### GIVEN DATA
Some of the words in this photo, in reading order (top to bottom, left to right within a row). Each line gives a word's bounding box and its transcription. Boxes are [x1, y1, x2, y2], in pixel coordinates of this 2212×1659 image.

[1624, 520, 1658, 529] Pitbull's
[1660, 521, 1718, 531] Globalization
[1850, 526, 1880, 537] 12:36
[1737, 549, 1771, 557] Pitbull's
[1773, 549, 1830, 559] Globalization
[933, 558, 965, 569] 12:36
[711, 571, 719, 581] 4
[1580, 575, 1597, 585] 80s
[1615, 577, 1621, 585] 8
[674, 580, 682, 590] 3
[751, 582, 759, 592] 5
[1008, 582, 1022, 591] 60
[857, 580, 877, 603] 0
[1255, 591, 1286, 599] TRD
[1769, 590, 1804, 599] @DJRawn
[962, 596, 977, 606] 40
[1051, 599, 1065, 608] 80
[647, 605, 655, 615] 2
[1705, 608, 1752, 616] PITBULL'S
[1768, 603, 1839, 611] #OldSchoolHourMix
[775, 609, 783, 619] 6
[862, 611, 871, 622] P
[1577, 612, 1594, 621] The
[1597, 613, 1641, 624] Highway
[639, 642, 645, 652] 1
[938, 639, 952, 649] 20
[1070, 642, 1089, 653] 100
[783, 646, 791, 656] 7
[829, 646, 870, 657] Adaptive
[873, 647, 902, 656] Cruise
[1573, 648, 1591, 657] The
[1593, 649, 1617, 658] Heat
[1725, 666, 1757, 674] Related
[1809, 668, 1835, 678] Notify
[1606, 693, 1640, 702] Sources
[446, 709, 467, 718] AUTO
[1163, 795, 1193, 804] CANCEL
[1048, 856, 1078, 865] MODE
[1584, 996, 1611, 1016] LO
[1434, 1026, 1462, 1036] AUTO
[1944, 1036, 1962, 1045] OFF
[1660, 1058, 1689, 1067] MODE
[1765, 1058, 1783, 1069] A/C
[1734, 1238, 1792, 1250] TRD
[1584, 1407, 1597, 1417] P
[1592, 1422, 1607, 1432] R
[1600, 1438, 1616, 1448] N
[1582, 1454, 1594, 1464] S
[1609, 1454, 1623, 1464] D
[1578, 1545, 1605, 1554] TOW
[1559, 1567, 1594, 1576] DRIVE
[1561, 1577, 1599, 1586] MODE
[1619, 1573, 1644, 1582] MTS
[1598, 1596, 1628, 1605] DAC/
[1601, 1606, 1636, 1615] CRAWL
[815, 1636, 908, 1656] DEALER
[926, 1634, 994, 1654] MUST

### PROBLEM TO WORK ON
Line by line, print the listing above exactly.

### TASK RESPONSE
Some of the words in this photo, in reading order (top to bottom, left to right within a row). Each line gives a word's bounding box and its transcription. Boxes are [x1, y1, x2, y2], in pixel coordinates of this 2212×1659 image.

[1624, 520, 1658, 529] Pitbull's
[1660, 521, 1718, 531] Globalization
[1850, 526, 1880, 537] 12:36
[1737, 549, 1771, 557] Pitbull's
[1773, 549, 1830, 559] Globalization
[933, 558, 965, 569] 12:36
[711, 571, 719, 581] 4
[1580, 575, 1597, 585] 80s
[1615, 577, 1621, 585] 8
[674, 580, 682, 590] 3
[751, 582, 759, 592] 5
[1008, 582, 1022, 591] 60
[857, 580, 877, 603] 0
[1255, 591, 1286, 599] TRD
[1769, 590, 1804, 599] @DJRawn
[962, 596, 977, 606] 40
[1051, 599, 1065, 608] 80
[647, 605, 655, 615] 2
[1705, 608, 1752, 616] PITBULL'S
[1768, 603, 1839, 611] #OldSchoolHourMix
[775, 609, 783, 619] 6
[862, 611, 871, 622] P
[1577, 612, 1594, 621] The
[1597, 613, 1641, 624] Highway
[639, 642, 645, 652] 1
[938, 639, 952, 649] 20
[1070, 642, 1089, 653] 100
[783, 646, 791, 656] 7
[829, 646, 870, 657] Adaptive
[873, 647, 902, 656] Cruise
[1573, 648, 1591, 657] The
[1593, 649, 1617, 658] Heat
[1725, 666, 1757, 674] Related
[1809, 668, 1835, 678] Notify
[1606, 693, 1640, 702] Sources
[446, 709, 467, 718] AUTO
[1163, 795, 1193, 804] CANCEL
[1048, 856, 1078, 865] MODE
[1584, 996, 1611, 1016] LO
[1434, 1026, 1462, 1036] AUTO
[1944, 1036, 1962, 1045] OFF
[1660, 1058, 1689, 1067] MODE
[1765, 1058, 1783, 1069] A/C
[1734, 1238, 1792, 1250] TRD
[1584, 1407, 1597, 1417] P
[1592, 1422, 1607, 1432] R
[1600, 1438, 1616, 1448] N
[1582, 1454, 1594, 1464] S
[1609, 1454, 1623, 1464] D
[1578, 1545, 1605, 1554] TOW
[1559, 1567, 1594, 1576] DRIVE
[1561, 1577, 1599, 1586] MODE
[1619, 1573, 1644, 1582] MTS
[1598, 1596, 1628, 1605] DAC/
[1601, 1606, 1636, 1615] CRAWL
[815, 1636, 908, 1656] DEALER
[926, 1634, 994, 1654] MUST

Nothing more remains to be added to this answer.